[Stored records]
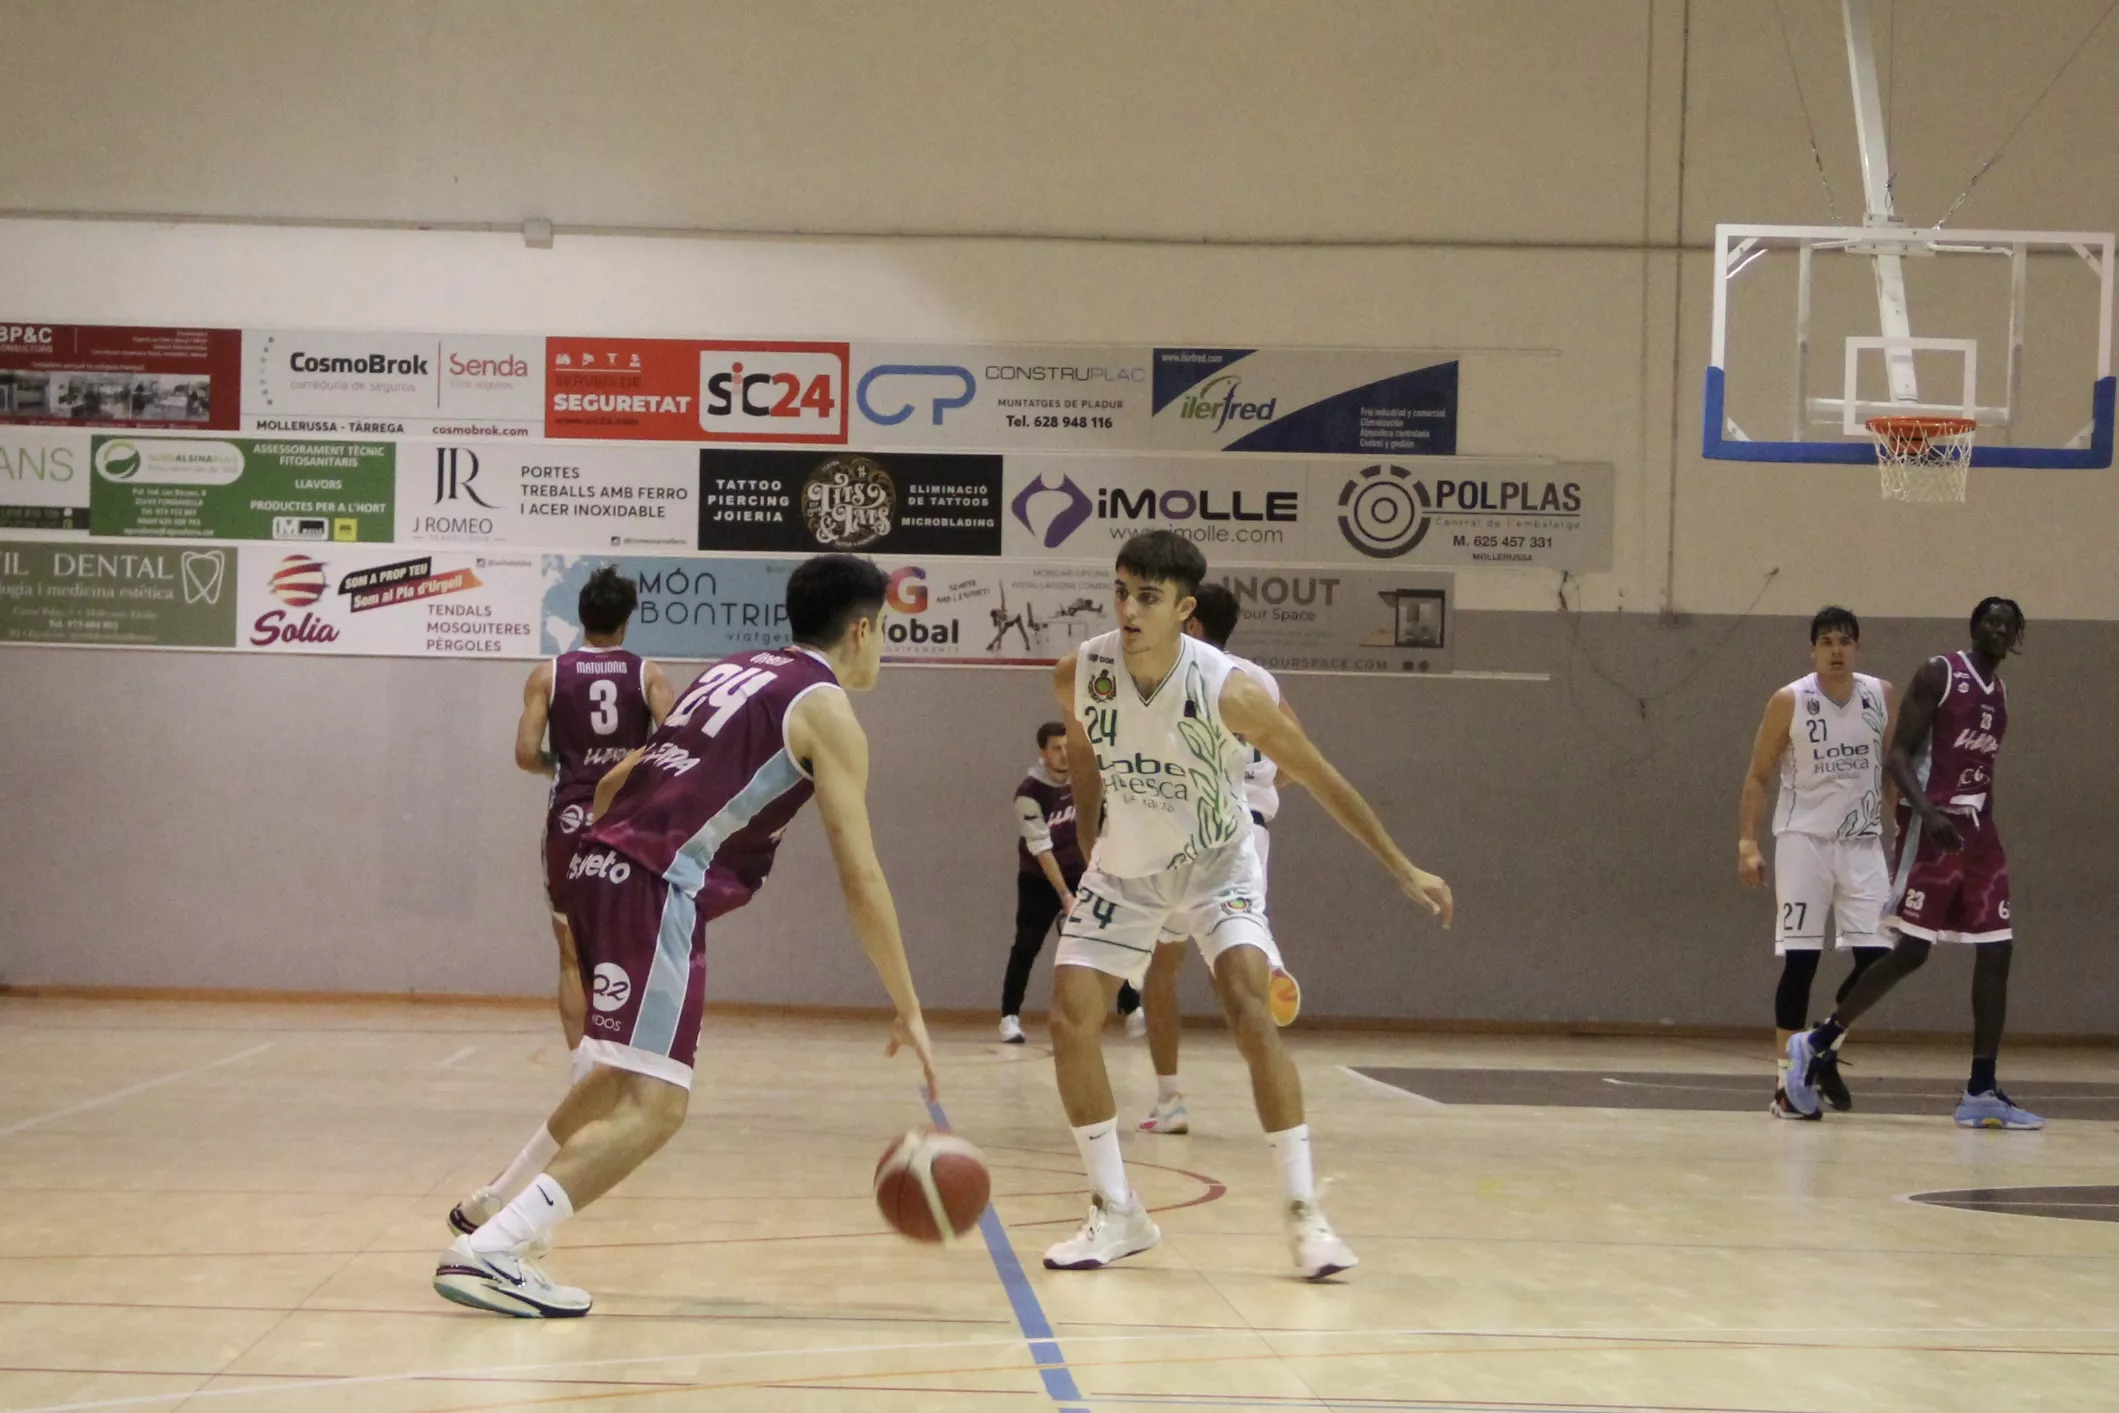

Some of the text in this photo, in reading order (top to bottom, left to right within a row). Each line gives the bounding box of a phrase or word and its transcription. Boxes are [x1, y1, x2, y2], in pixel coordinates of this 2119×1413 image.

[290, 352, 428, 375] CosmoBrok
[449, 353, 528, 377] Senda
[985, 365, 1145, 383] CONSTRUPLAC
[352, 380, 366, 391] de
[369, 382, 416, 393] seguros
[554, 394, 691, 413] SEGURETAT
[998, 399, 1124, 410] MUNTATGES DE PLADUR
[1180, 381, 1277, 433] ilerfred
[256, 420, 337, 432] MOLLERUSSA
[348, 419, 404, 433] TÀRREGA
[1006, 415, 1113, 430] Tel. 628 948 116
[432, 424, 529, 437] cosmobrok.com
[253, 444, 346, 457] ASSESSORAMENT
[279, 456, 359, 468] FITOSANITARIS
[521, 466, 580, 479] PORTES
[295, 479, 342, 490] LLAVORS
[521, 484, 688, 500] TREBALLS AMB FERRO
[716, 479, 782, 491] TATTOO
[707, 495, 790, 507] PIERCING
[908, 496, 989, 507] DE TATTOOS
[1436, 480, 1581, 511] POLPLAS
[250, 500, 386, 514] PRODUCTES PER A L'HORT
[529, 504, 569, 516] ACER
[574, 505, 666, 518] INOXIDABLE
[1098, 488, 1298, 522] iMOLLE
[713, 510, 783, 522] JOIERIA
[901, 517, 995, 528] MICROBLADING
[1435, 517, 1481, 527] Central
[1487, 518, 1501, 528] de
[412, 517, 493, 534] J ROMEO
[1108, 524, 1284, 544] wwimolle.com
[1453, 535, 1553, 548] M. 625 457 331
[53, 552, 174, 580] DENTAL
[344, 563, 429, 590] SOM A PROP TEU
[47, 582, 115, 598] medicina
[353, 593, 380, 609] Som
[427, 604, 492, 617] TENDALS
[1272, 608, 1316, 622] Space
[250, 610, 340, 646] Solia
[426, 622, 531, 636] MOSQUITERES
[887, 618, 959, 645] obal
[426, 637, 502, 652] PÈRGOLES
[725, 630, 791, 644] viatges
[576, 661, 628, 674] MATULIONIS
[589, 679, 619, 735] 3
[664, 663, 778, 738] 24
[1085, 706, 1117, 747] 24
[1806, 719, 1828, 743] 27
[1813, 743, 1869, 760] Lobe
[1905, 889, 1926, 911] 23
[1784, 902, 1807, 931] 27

- [Assignment]:
What is needed here is an exact copy of all the entries, without the pictures.

- [Response below]:
Some of the text in this photo, in reading order (top to bottom, left to right within a row). Each line gives the bounding box of a phrase or word and its transcription. Boxes are [x1, y1, x2, y2], in pixel coordinates of this 2119×1413 image.

[290, 352, 428, 375] CosmoBrok
[449, 353, 528, 377] Senda
[985, 365, 1145, 383] CONSTRUPLAC
[352, 380, 366, 391] de
[369, 382, 416, 393] seguros
[554, 394, 691, 413] SEGURETAT
[998, 399, 1124, 410] MUNTATGES DE PLADUR
[1180, 381, 1277, 433] ilerfred
[256, 420, 337, 432] MOLLERUSSA
[348, 419, 404, 433] TÀRREGA
[1006, 415, 1113, 430] Tel. 628 948 116
[432, 424, 529, 437] cosmobrok.com
[253, 444, 346, 457] ASSESSORAMENT
[279, 456, 359, 468] FITOSANITARIS
[521, 466, 580, 479] PORTES
[295, 479, 342, 490] LLAVORS
[521, 484, 688, 500] TREBALLS AMB FERRO
[716, 479, 782, 491] TATTOO
[707, 495, 790, 507] PIERCING
[908, 496, 989, 507] DE TATTOOS
[1436, 480, 1581, 511] POLPLAS
[250, 500, 386, 514] PRODUCTES PER A L'HORT
[529, 504, 569, 516] ACER
[574, 505, 666, 518] INOXIDABLE
[1098, 488, 1298, 522] iMOLLE
[713, 510, 783, 522] JOIERIA
[901, 517, 995, 528] MICROBLADING
[1435, 517, 1481, 527] Central
[1487, 518, 1501, 528] de
[412, 517, 493, 534] J ROMEO
[1108, 524, 1284, 544] wwimolle.com
[1453, 535, 1553, 548] M. 625 457 331
[53, 552, 174, 580] DENTAL
[344, 563, 429, 590] SOM A PROP TEU
[47, 582, 115, 598] medicina
[353, 593, 380, 609] Som
[427, 604, 492, 617] TENDALS
[1272, 608, 1316, 622] Space
[250, 610, 340, 646] Solia
[426, 622, 531, 636] MOSQUITERES
[887, 618, 959, 645] obal
[426, 637, 502, 652] PÈRGOLES
[725, 630, 791, 644] viatges
[576, 661, 628, 674] MATULIONIS
[589, 679, 619, 735] 3
[664, 663, 778, 738] 24
[1085, 706, 1117, 747] 24
[1806, 719, 1828, 743] 27
[1813, 743, 1869, 760] Lobe
[1905, 889, 1926, 911] 23
[1784, 902, 1807, 931] 27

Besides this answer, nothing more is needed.